DataInterface = %(GRIDFTP_IP)s
; Restricted path configuration.
; A comma separated list of full paths that clients may access. Each path may
; be prefixed by R and/or W, denoting read or write access, or N to explicitly
; deny access to a path. If a given path is a directory, all contents and
; subdirectories will be given the same access. Order of paths does not matter
; -- the permissions on the longest matching path will apply. The special
; character '~' will be replaced by the authenticated user's home directory,
; and * may be used for simple wildcard matching.

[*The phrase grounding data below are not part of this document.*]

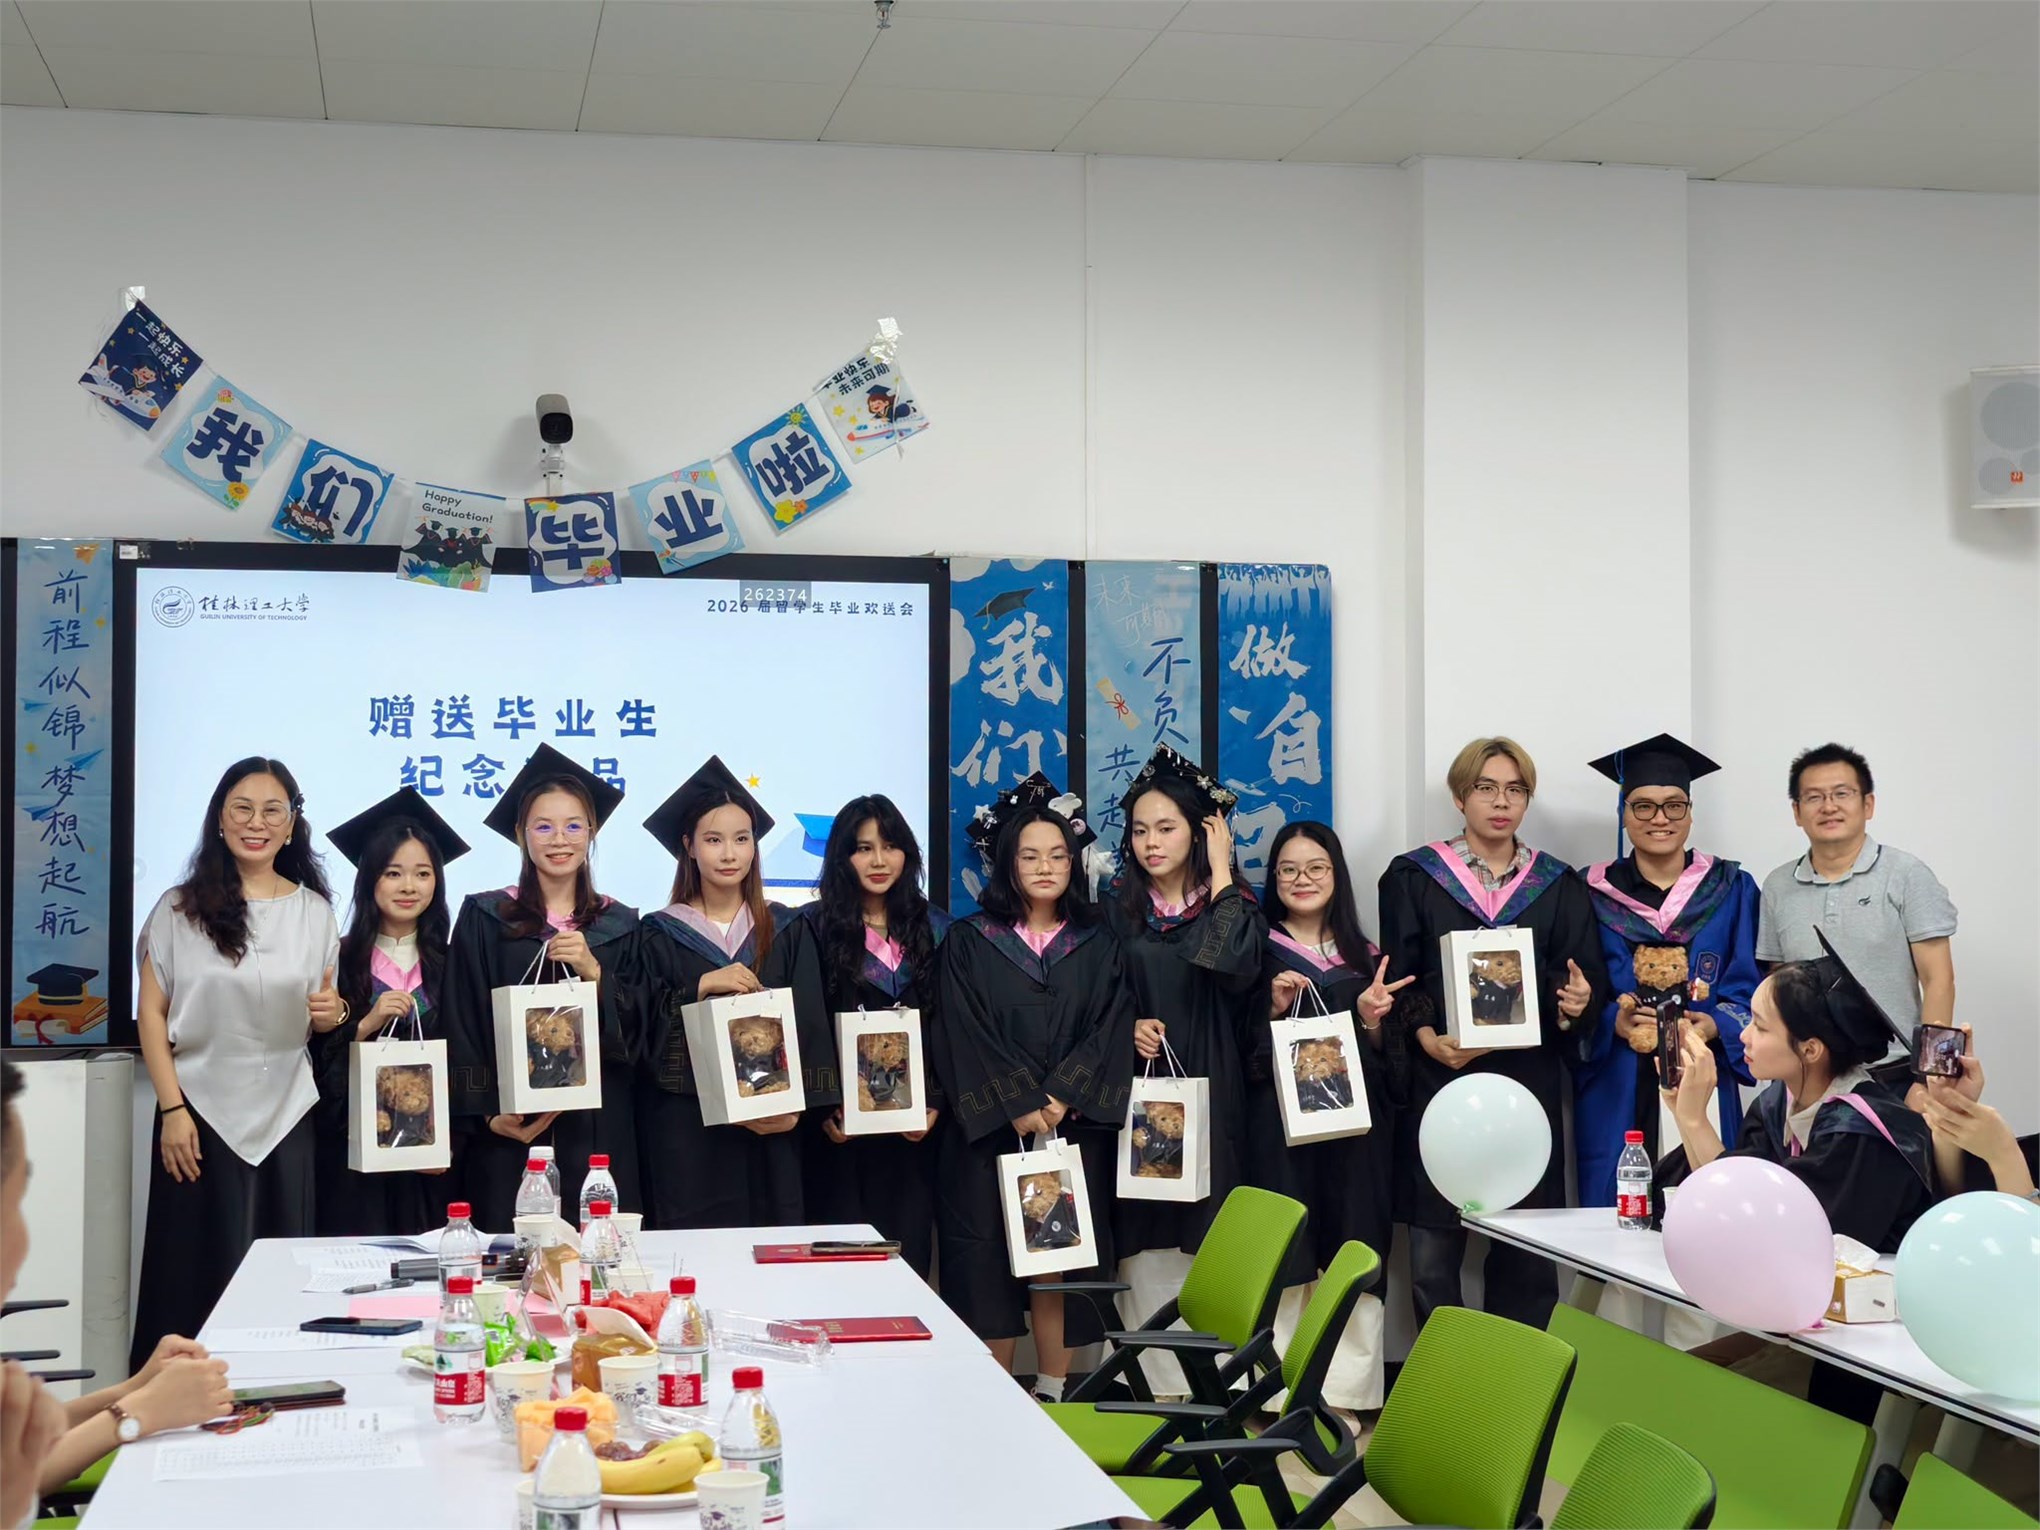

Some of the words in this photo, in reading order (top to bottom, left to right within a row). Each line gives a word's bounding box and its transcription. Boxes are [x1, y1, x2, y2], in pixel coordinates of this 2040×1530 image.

[136, 312, 183, 357] 一起快乐
[138, 332, 184, 378] 一起成长
[838, 363, 890, 395] 未来可期
[425, 490, 462, 507] Happy
[422, 503, 493, 523] Graduation!
[199, 593, 310, 612] 桂林理工大学
[707, 600, 749, 612] 2026
[743, 588, 808, 601] 262374
[369, 694, 657, 740] 赠送毕业生
[400, 753, 626, 798] 纪念品

; By default all paths are allowed, and access control is handled by the OS.
; Examples:
; Allow read access to /data and full access to the user's home directory:
; RestrictPaths = RW~,R/data
; Allow full access to the home directory, but deny hidden files there:
; RestrictPaths = RW~,N~/.*
RestrictPaths =
;
; Require an encrypted data connection for all transfers. Transfers attempted
; without encryption will result in error.

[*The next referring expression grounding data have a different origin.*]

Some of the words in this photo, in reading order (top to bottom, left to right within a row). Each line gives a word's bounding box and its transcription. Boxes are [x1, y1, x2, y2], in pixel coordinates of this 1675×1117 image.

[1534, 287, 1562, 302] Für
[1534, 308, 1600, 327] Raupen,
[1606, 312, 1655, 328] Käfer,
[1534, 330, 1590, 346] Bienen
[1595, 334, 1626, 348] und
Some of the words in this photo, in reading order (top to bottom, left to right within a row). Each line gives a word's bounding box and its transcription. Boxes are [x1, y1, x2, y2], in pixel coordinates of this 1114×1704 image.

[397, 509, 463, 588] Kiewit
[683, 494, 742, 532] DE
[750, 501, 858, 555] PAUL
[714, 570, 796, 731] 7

;; RequireEncryption = False
;
; Enable sharing with Globus for this server.
; If not specified, this will default to False.
;
; NOTE: In order to use sharing, the endpoint will need to be a
; managed endpoint associated with a Globus subscription uuid. Additional
; configuration must be done using the endpoint-manage globus cli command.
;; Sharing = True
; ------------------------
; ADVANCED SHARING OPTIONS
; ------------------------
; Using the same syntax as RestrictPaths above, this defines additional
; restrictions which paths that sharing clients may access.
;; SharingRestrictPaths =
; Path of a directory where GridFTP will store files used to control
; sharing access to individual accounts. The variables $USER and $HOME
; should be used in order to define a unique path per user.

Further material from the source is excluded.